Cure CMD (Congenital Muscular Dystrophy) is eager to announce a co-funded grant, in partnership with AFM-Téléthon, for Dr. Esther Zito’s research project, “Ablation of the Maladaptive ER-Stress Response to Improve Altered Calcium-Handling and Restore Diaphragm Function in SELENON Knock-Out Mice.” Cure CMD and AFM-Téléthon will award Dr. Zito $60,000 over two years. This is the second research project focused on SEPN1-CMD that Cure CMD is funding in 2018.
Dr. Zito’s project is a “proof of principle” that removing or blocking specific enzymes which causes pathogenic oxidative stress and calcium leakage will restore the needed intramuscular calcium regulation for the normal contraction-relaxation cycle of the diaphragm and other skeletal muscles. Success will provide novel therapeutic targets for SEPN1 affected individuals.

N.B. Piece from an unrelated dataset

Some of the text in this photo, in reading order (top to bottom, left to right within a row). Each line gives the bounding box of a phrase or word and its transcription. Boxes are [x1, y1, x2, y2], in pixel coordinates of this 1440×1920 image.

Dr. Zito directs the Laboratory of Signal Transduction at the Mario Negri Institute for Pharmacological Research in Milano, Italy. She has had noteworthy projects at New York University and Cambridge University, and worked at Italy’s Dulbecco Telethon Institute where she studied pharmaceutical cures for congenital myopathies.

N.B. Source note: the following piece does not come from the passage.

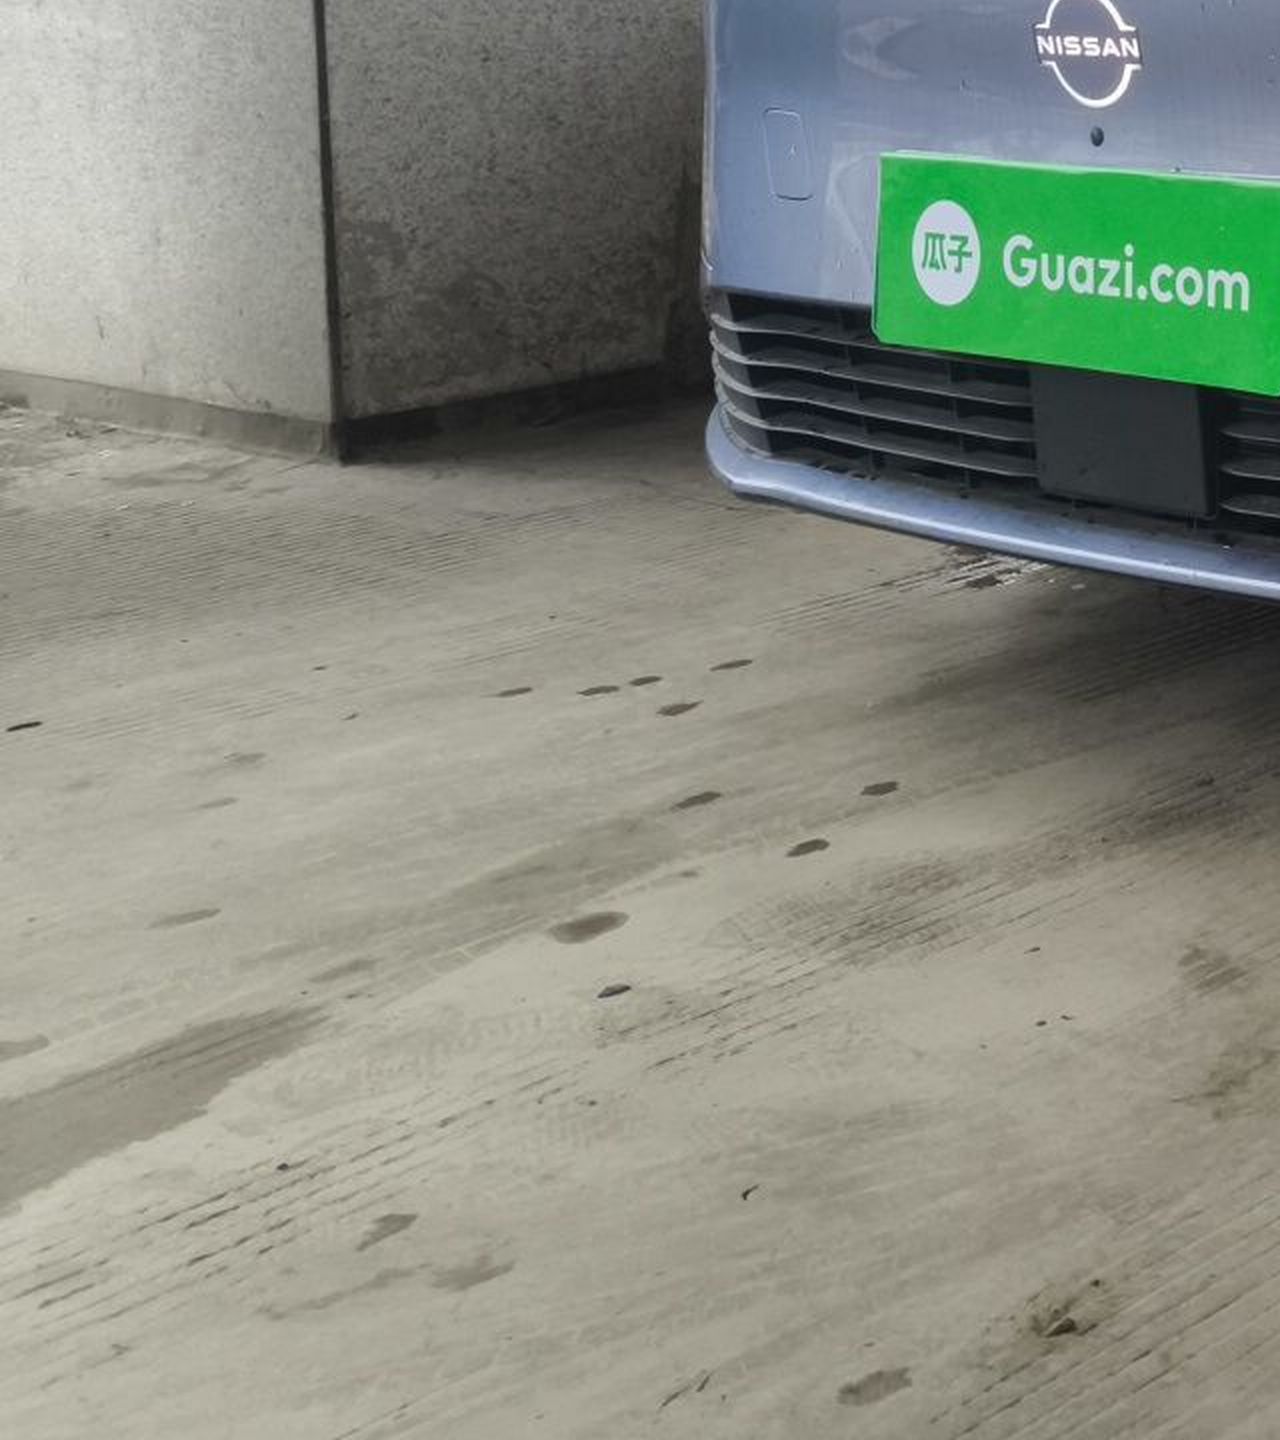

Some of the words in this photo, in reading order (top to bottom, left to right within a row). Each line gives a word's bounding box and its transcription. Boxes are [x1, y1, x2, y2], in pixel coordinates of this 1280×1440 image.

[1036, 35, 1140, 58] NISSAN
[922, 232, 972, 273] 瓜子
[1002, 234, 1249, 311] Guazi.com

“Recent discoveries by Dr Zito’s group made a major impact and is having a transformative effect in how we understand the deleterious consequences of SEPN1 mutations in skeletal muscles,” says Dr. Gustavo Dziewczapolski, Cure CMD Scientific Director. “SEPN1 is likely involved in protecting muscle cells against oxidative stress as well as playing a key role in the tight regulation of calcium storage and release needed for functional muscle contractions. In consequence, SEPN1 mutations alter calcium homeostasis and triggers maladaptive cellular stress responses. This grant will help Dr. Zito generate a unique animal model to test the hypothesis that blocking specific components of this maladaptive response will improve muscle health. I’m excited with the potential to uncover novel therapeutic targets for treatment development for SEPN1-CMD .”
CURE CMD
Cure CMD was founded in 2008 to advance research for treatments and a cure for congenital muscular dystrophy (CMD) and, through engagement and support of the CMD community, to also improve the lives of those living with CMD. To date, the organization has funded more than $2 million in research, launched an international patient registry with more than 2,800 registrants, assisted with genetic diagnosis, and connected more than 2,000 affected individuals and their families to a supportive, helpful community.
AFM-Téléthon
L’AFM-Téléthon is an association of patients and their relatives, committed to fighting disease. Thanks to donations from the Téléthon, it has become a major player in biomedical research into rare diseases in France and across the world. Today, it supports clinical trials testing treatments for genetic diseases of the eyes, blood, brain, immune system and muscles. It is unlike other associations in that its laboratories have the ability to design, produce and test their own innovative therapies.